When you're listening to music at home, someone else's music, it's
great. You can sit back and enjoy it. But when you're listening to your
own, all of a sudden, you feel the need to take responsibility for it.
I always have this feeling that I should be apologetic: "sorry,
everybody, this is all I can give you!" (laughs) I took something, I
think it's pretty good, I made it, but...that's the end.
We have all these albums from our past. If someone heard one of them
today, hearing DMBQ for the first time, what they're hearing is really
just history. But, that said, I don't think about it too much.
JR: Would you keep making music if you had no audience?
SM: I think so, yes. It's impossible to deny the influence of the music
from the West, so there is some small element of copying. But I'm doing
what I want to do, naturally. It is what it is.
Imagine your father's from Texas. He's going to grow up with a Texas
accent, of course, that's normal. That's how people communicate where
he's from. It's the same with music. We all grew up listening to this
music, it's part of who we are as musicians.

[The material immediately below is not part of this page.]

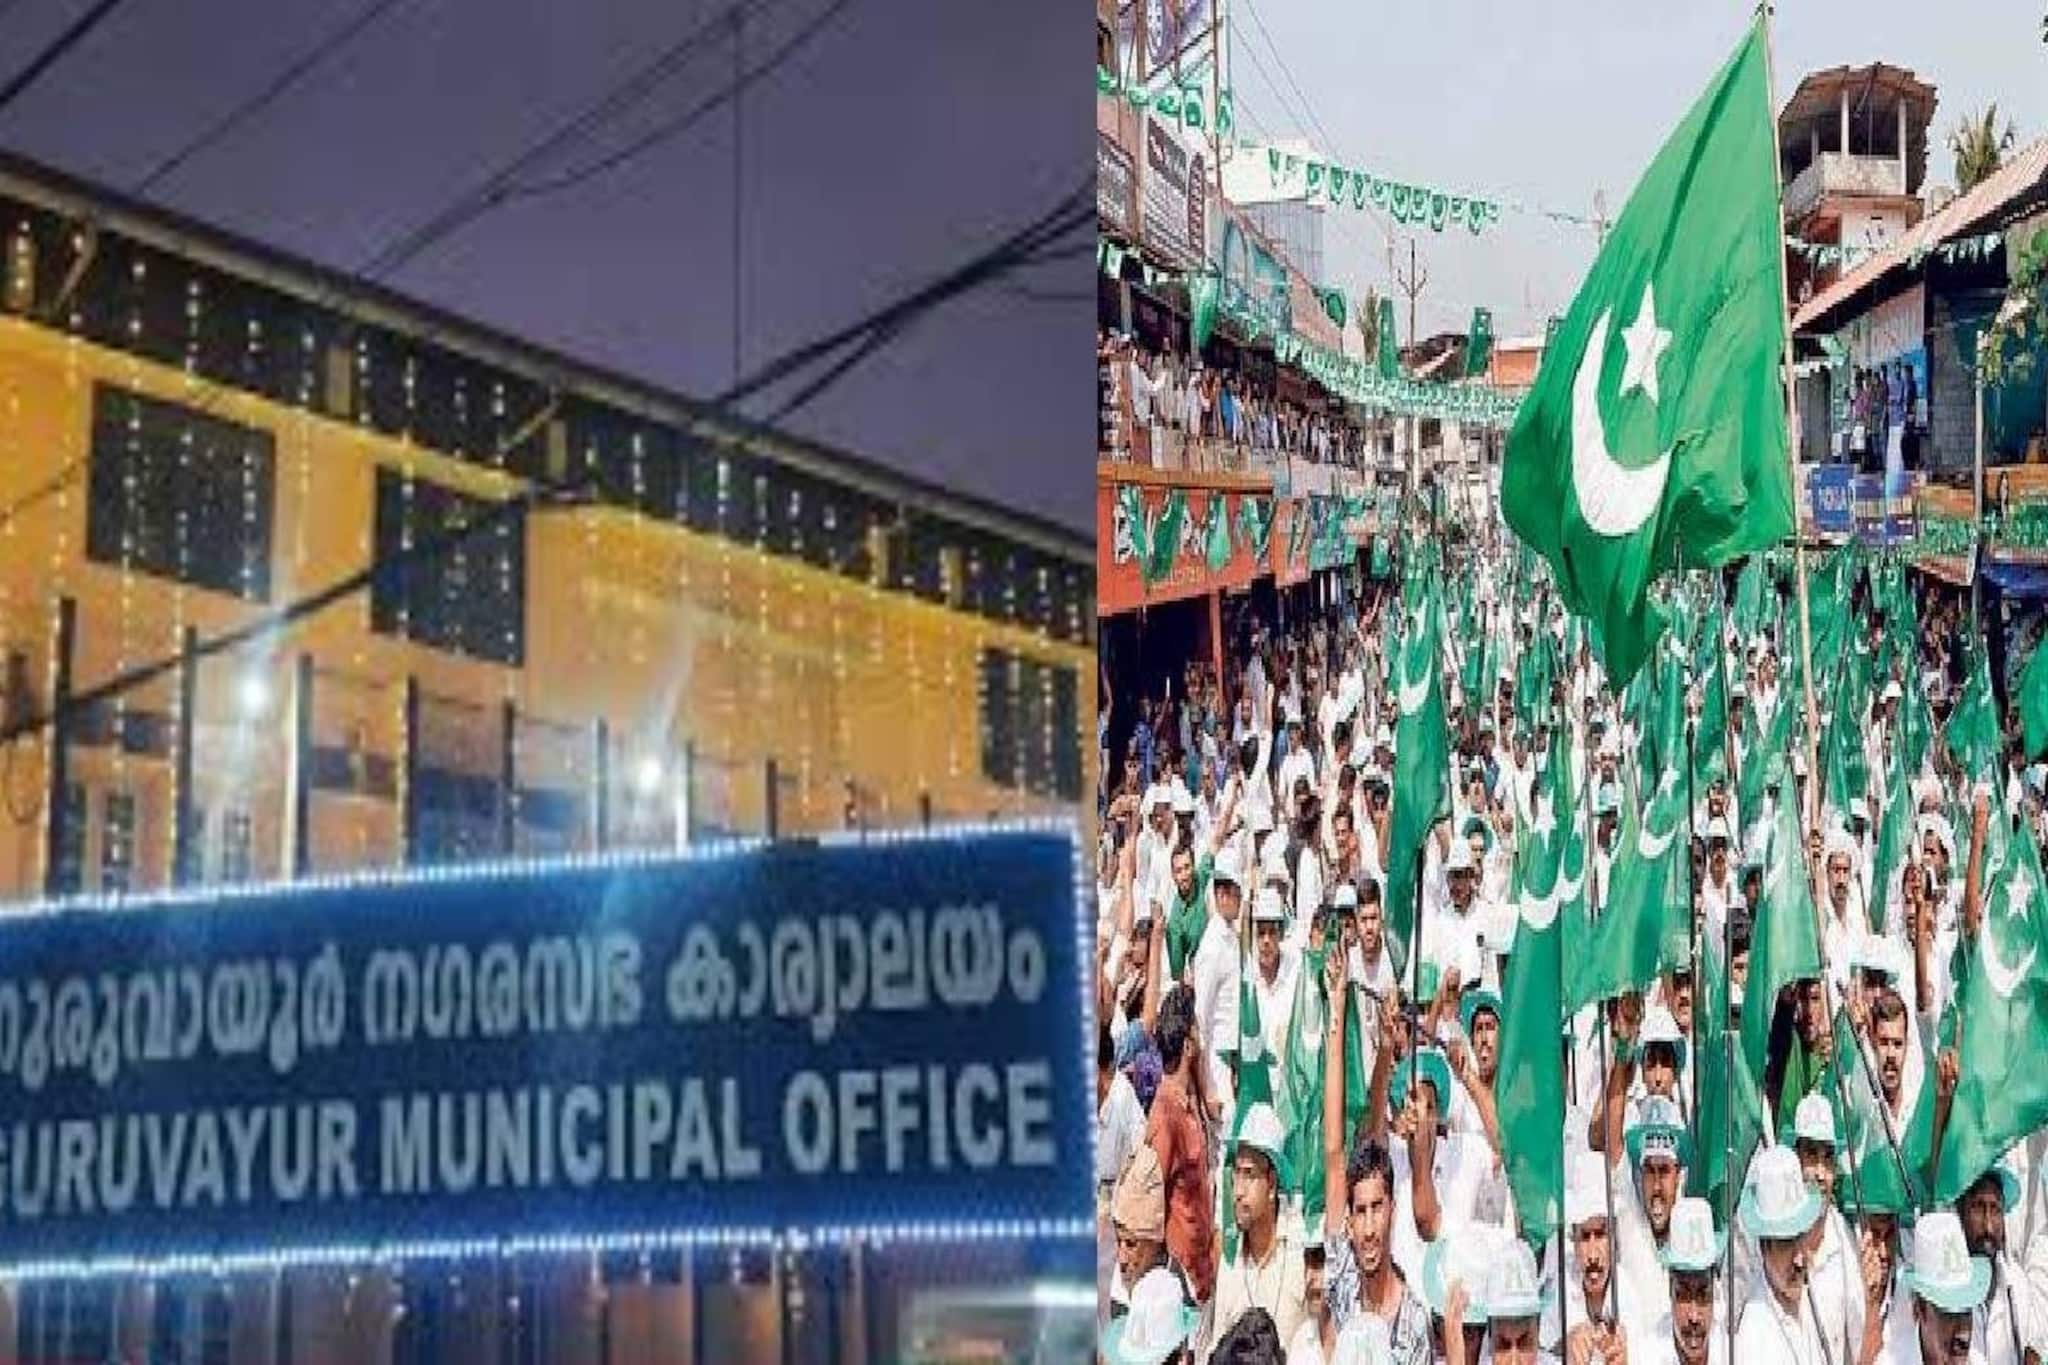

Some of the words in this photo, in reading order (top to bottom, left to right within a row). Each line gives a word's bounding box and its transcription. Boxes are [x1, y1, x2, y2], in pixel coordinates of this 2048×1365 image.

Music is a means of expression. There are a lot of people all over the
world who can't communicate through speech or personal communication,
so they use music. That's the best thing music can do, whether it's
commercial or not. What's important is to understand that your music is
you being yourself, and even if people don't "get" you, what's
important is that you understand that this music comes from you, and
that somehow, somewhere, it can connect with someone. That's my belief.